As they passed along the walkway again, Conner started babbling in his ear. It was only one-way comms, no mic, so Mitchell couldn’t cut the Company man off with a Will you just shut the fuck up and say something coherent?
Something about Bowler, the crowd on the main square, and where the hell was Mitchell?
Mitchell increased his stride, mind racing, ignoring Penny’s puzzled look and only then starting to read the look on Bowler’s face. The lack of surprise. Something was kicking off, and Bowler knew about it already.
Mitchell, turned, walking backward now, ahead of the other two, about to demand an explanation, but then he realized he’d get nothing from Bowler, and Penny was clearly in the dark.
He twisted, and started to run. His cover with Penny would be blown, or at least would take a lot of explaining, but he knew when to lie low and when to act and now...
He came to the big glass doors that opened onto the square, saw the crowd of protesters, their banners and placards waving, some fists punching the air.

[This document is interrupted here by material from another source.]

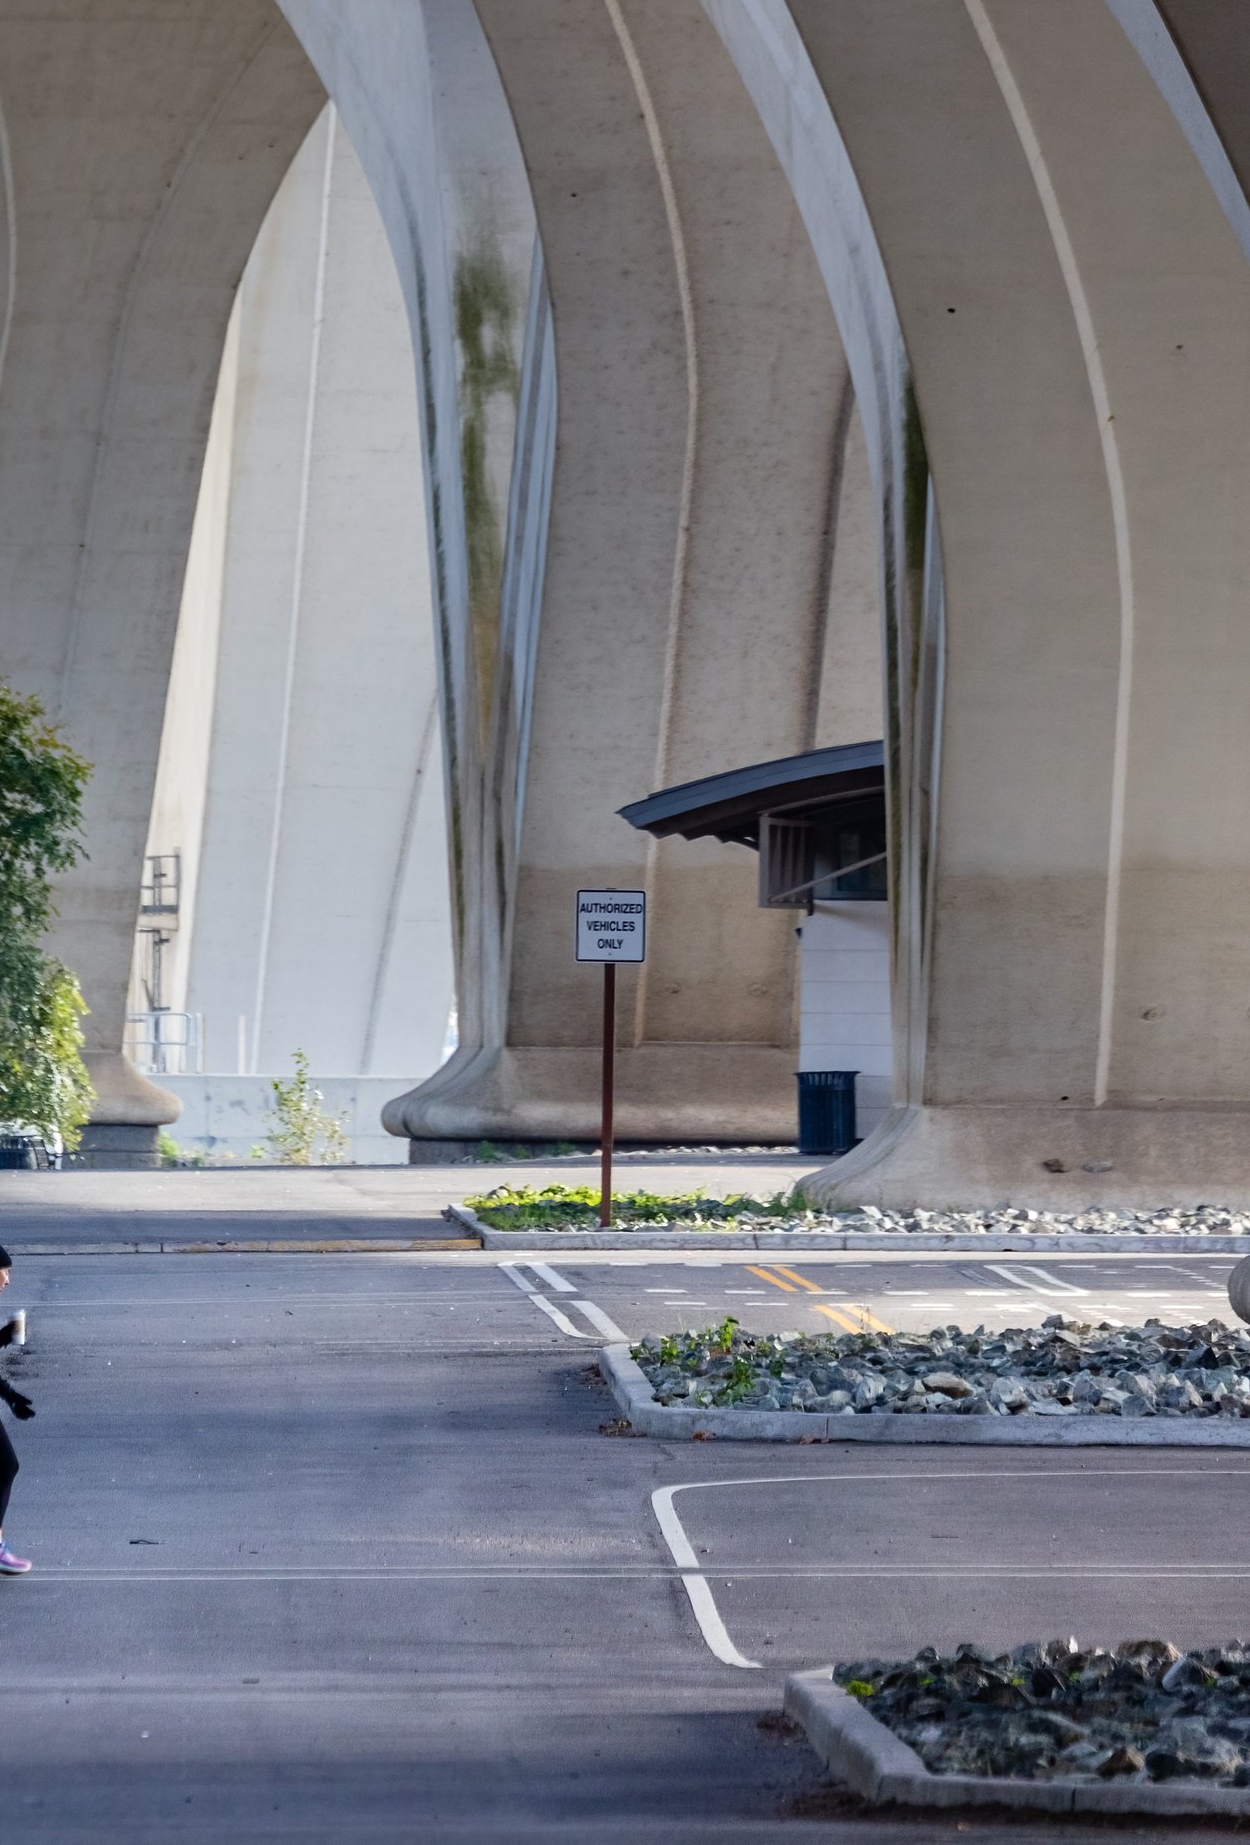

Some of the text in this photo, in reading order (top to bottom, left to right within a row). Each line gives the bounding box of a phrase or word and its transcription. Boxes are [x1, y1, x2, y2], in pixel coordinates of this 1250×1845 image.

[579, 902, 643, 914] AUTHORIZED
[586, 920, 635, 932] VEHICLES
[597, 938, 624, 949] ONLY

A couple of uniformed police officers stood back, clearly unsure whether to get involved yet or not.
And there at the center of the crowd, partly shielded from view by what was clearly two security men in shiny blue suits, was... a man of average height and build, in blue jeans and a stone jacket, a white shirt unbuttoned at the collar, his honey-blond hair flopping in the breeze...

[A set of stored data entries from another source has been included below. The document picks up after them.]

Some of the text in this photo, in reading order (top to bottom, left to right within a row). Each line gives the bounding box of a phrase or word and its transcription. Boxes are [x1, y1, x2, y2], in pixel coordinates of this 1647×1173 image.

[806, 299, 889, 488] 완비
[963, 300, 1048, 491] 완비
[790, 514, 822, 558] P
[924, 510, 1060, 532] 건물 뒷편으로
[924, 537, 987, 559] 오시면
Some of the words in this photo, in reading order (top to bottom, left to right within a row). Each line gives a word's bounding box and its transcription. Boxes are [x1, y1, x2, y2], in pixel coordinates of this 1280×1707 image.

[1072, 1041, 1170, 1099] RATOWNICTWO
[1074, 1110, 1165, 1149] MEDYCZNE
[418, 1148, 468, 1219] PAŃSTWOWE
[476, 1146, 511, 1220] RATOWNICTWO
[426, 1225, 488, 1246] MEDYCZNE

Mitchell looked back, and his ‘Bowler’ shrugged, spread his hands apologetically. Said, “Mr Bowler doesn’t play by the rules. He doesn’t like to have his life organize
d by people he doesn’t know. He likes to get out there and mix.”
Mitchell turned again, saw the real Bowler talking animatedly to a young woman whose face was inches from his, cameras capturing every moment.
It was all a game, and Conner’s team had been suckered one hundred per cent.
9. Sunita, a month earlier
You know how it is. You get the second call in two days from an eccentric, egotistical multi-millionaire who won’t take no for an answer, you put him off, ending up almost slamming the phone back into its cradle just to shut him up because why would you even listen to a man like him? You can’t concentrate so you go over to the digital whiteboard where Tasha and Libbie are arguing over some obscure statistical interpretation of epidemiological data, and then you end up in the Student Union bar and... well, and then things get really interesting.
It was one of those kind of days.
“Take some time. Give my proposal some consideration, and I’ll call again. I–”
“I’m flattered by your persistence, Mr Bowler, but I’m afraid–”
The whole conversation had been like that: sentences unfinished as the other cut across, Sunita trying to extricate herself and Bowler trying to engage her. She understood now why he did so well on the talk shows: he had so many ways of manipulating an exchange and running rhetorical rings around everyone.
“You shouldn’t be flattered, Dr Chakravarti, you should be excited. Excited at the prospect of accelerating your work, and at the opportunities opening up before you. I’m really looking forward to–”
“Thank you, Mr Bowler. Goodbye.”
The phone hit its cradle so hard she expected everyone to be looking when she took a deep breath and glanced up, but no.
She swiveled in her chair, gazing out over the bend in the river, the trees hanging low over the water, a coot scrambling up the opposite bank.
She turned back to her work, struggling to focus. When she caught Tasha’s eye over the top of the screen she pushed back from her desk, stood, and went over to join them. “Where’s your proof?” Sunita asked, waving a hand toward the map Tasha had called up onto the board, and the crude scribble across the border area between North Korea and north-eastern China.